- [What to work on]: Write out the data exactly, keeping every line.

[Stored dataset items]
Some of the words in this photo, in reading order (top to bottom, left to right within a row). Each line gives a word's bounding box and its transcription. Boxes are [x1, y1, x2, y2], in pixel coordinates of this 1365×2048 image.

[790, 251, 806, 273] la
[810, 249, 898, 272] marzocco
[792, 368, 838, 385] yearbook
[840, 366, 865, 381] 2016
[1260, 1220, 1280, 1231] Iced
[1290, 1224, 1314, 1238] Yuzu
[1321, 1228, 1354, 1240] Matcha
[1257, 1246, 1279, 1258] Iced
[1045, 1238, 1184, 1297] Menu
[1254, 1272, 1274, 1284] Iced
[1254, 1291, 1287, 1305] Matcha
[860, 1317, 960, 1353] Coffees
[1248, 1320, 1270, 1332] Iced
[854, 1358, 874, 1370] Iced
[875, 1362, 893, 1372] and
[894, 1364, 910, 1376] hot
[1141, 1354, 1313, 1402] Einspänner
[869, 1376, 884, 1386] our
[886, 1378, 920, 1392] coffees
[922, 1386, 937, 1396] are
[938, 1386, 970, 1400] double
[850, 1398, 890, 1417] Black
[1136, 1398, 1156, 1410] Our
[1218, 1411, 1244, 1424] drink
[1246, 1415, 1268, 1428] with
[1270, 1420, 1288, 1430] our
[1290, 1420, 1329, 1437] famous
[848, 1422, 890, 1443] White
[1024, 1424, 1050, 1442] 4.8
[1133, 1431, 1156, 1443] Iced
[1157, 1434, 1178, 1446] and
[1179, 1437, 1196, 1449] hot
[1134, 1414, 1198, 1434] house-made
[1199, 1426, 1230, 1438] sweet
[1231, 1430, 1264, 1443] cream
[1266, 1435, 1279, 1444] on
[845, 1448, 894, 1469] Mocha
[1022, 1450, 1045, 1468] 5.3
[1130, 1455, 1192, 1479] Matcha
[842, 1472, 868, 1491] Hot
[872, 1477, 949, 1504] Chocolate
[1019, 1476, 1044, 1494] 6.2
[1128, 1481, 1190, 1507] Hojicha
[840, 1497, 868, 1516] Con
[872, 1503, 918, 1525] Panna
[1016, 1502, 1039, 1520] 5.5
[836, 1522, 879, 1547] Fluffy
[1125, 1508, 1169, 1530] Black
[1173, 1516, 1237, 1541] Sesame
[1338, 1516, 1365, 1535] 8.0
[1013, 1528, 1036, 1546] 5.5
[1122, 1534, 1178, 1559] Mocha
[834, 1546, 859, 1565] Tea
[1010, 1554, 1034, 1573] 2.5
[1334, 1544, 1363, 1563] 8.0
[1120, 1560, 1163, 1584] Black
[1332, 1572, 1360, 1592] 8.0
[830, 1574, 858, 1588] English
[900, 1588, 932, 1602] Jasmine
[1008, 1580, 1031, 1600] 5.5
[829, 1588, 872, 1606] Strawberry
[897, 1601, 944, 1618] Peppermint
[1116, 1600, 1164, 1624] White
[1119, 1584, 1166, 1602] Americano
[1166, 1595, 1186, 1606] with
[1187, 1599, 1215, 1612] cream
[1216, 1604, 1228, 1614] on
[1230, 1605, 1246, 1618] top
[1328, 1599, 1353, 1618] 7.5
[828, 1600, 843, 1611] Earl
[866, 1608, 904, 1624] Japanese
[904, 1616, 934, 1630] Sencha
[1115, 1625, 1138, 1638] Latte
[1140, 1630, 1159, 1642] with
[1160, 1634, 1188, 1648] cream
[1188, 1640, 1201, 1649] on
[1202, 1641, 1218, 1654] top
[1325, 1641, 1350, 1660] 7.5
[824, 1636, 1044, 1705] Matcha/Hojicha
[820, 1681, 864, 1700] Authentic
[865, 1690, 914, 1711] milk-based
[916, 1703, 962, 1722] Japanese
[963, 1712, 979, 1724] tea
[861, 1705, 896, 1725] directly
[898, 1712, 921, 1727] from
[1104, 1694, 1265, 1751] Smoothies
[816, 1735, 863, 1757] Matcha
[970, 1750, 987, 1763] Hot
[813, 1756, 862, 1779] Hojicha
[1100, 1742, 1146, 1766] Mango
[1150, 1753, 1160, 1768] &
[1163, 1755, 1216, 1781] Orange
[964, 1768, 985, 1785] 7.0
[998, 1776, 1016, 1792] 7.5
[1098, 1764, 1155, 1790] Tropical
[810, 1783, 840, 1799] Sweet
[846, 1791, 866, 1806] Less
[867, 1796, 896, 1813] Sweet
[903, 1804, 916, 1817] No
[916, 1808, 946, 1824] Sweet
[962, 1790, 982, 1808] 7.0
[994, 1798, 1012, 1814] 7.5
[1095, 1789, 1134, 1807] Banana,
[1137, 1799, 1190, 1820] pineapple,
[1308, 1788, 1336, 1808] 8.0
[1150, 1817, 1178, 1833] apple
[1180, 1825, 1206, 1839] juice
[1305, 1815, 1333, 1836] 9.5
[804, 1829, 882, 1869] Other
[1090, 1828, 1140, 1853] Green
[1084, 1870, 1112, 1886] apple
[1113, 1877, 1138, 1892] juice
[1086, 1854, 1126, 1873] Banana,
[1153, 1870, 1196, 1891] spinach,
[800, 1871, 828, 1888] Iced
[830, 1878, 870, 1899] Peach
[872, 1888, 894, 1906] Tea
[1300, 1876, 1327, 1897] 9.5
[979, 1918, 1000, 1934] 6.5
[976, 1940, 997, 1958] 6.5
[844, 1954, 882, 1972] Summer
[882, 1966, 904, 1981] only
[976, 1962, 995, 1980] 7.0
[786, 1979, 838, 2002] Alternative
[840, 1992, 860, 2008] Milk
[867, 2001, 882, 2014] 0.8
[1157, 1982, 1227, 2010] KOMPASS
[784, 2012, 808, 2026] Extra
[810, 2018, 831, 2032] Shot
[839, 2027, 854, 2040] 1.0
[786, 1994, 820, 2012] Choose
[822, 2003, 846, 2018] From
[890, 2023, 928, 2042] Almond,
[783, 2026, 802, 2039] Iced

- [Expected output]:
Some of the words in this photo, in reading order (top to bottom, left to right within a row). Each line gives a word's bounding box and its transcription. Boxes are [x1, y1, x2, y2], in pixel coordinates of this 1365×2048 image.

[790, 251, 806, 273] la
[810, 249, 898, 272] marzocco
[792, 368, 838, 385] yearbook
[840, 366, 865, 381] 2016
[1260, 1220, 1280, 1231] Iced
[1290, 1224, 1314, 1238] Yuzu
[1321, 1228, 1354, 1240] Matcha
[1257, 1246, 1279, 1258] Iced
[1045, 1238, 1184, 1297] Menu
[1254, 1272, 1274, 1284] Iced
[1254, 1291, 1287, 1305] Matcha
[860, 1317, 960, 1353] Coffees
[1248, 1320, 1270, 1332] Iced
[854, 1358, 874, 1370] Iced
[875, 1362, 893, 1372] and
[894, 1364, 910, 1376] hot
[1141, 1354, 1313, 1402] Einspänner
[869, 1376, 884, 1386] our
[886, 1378, 920, 1392] coffees
[922, 1386, 937, 1396] are
[938, 1386, 970, 1400] double
[850, 1398, 890, 1417] Black
[1136, 1398, 1156, 1410] Our
[1218, 1411, 1244, 1424] drink
[1246, 1415, 1268, 1428] with
[1270, 1420, 1288, 1430] our
[1290, 1420, 1329, 1437] famous
[848, 1422, 890, 1443] White
[1024, 1424, 1050, 1442] 4.8
[1133, 1431, 1156, 1443] Iced
[1157, 1434, 1178, 1446] and
[1179, 1437, 1196, 1449] hot
[1134, 1414, 1198, 1434] house-made
[1199, 1426, 1230, 1438] sweet
[1231, 1430, 1264, 1443] cream
[1266, 1435, 1279, 1444] on
[845, 1448, 894, 1469] Mocha
[1022, 1450, 1045, 1468] 5.3
[1130, 1455, 1192, 1479] Matcha
[842, 1472, 868, 1491] Hot
[872, 1477, 949, 1504] Chocolate
[1019, 1476, 1044, 1494] 6.2
[1128, 1481, 1190, 1507] Hojicha
[840, 1497, 868, 1516] Con
[872, 1503, 918, 1525] Panna
[1016, 1502, 1039, 1520] 5.5
[836, 1522, 879, 1547] Fluffy
[1125, 1508, 1169, 1530] Black
[1173, 1516, 1237, 1541] Sesame
[1338, 1516, 1365, 1535] 8.0
[1013, 1528, 1036, 1546] 5.5
[1122, 1534, 1178, 1559] Mocha
[834, 1546, 859, 1565] Tea
[1010, 1554, 1034, 1573] 2.5
[1334, 1544, 1363, 1563] 8.0
[1120, 1560, 1163, 1584] Black
[1332, 1572, 1360, 1592] 8.0
[830, 1574, 858, 1588] English
[900, 1588, 932, 1602] Jasmine
[1008, 1580, 1031, 1600] 5.5
[829, 1588, 872, 1606] Strawberry
[897, 1601, 944, 1618] Peppermint
[1116, 1600, 1164, 1624] White
[1119, 1584, 1166, 1602] Americano
[1166, 1595, 1186, 1606] with
[1187, 1599, 1215, 1612] cream
[1216, 1604, 1228, 1614] on
[1230, 1605, 1246, 1618] top
[1328, 1599, 1353, 1618] 7.5
[828, 1600, 843, 1611] Earl
[866, 1608, 904, 1624] Japanese
[904, 1616, 934, 1630] Sencha
[1115, 1625, 1138, 1638] Latte
[1140, 1630, 1159, 1642] with
[1160, 1634, 1188, 1648] cream
[1188, 1640, 1201, 1649] on
[1202, 1641, 1218, 1654] top
[1325, 1641, 1350, 1660] 7.5
[824, 1636, 1044, 1705] Matcha/Hojicha
[820, 1681, 864, 1700] Authentic
[865, 1690, 914, 1711] milk-based
[916, 1703, 962, 1722] Japanese
[963, 1712, 979, 1724] tea
[861, 1705, 896, 1725] directly
[898, 1712, 921, 1727] from
[1104, 1694, 1265, 1751] Smoothies
[816, 1735, 863, 1757] Matcha
[970, 1750, 987, 1763] Hot
[813, 1756, 862, 1779] Hojicha
[1100, 1742, 1146, 1766] Mango
[1150, 1753, 1160, 1768] &
[1163, 1755, 1216, 1781] Orange
[964, 1768, 985, 1785] 7.0
[998, 1776, 1016, 1792] 7.5
[1098, 1764, 1155, 1790] Tropical
[810, 1783, 840, 1799] Sweet
[846, 1791, 866, 1806] Less
[867, 1796, 896, 1813] Sweet
[903, 1804, 916, 1817] No
[916, 1808, 946, 1824] Sweet
[962, 1790, 982, 1808] 7.0
[994, 1798, 1012, 1814] 7.5
[1095, 1789, 1134, 1807] Banana,
[1137, 1799, 1190, 1820] pineapple,
[1308, 1788, 1336, 1808] 8.0
[1150, 1817, 1178, 1833] apple
[1180, 1825, 1206, 1839] juice
[1305, 1815, 1333, 1836] 9.5
[804, 1829, 882, 1869] Other
[1090, 1828, 1140, 1853] Green
[1084, 1870, 1112, 1886] apple
[1113, 1877, 1138, 1892] juice
[1086, 1854, 1126, 1873] Banana,
[1153, 1870, 1196, 1891] spinach,
[800, 1871, 828, 1888] Iced
[830, 1878, 870, 1899] Peach
[872, 1888, 894, 1906] Tea
[1300, 1876, 1327, 1897] 9.5
[979, 1918, 1000, 1934] 6.5
[976, 1940, 997, 1958] 6.5
[844, 1954, 882, 1972] Summer
[882, 1966, 904, 1981] only
[976, 1962, 995, 1980] 7.0
[786, 1979, 838, 2002] Alternative
[840, 1992, 860, 2008] Milk
[867, 2001, 882, 2014] 0.8
[1157, 1982, 1227, 2010] KOMPASS
[784, 2012, 808, 2026] Extra
[810, 2018, 831, 2032] Shot
[839, 2027, 854, 2040] 1.0
[786, 1994, 820, 2012] Choose
[822, 2003, 846, 2018] From
[890, 2023, 928, 2042] Almond,
[783, 2026, 802, 2039] Iced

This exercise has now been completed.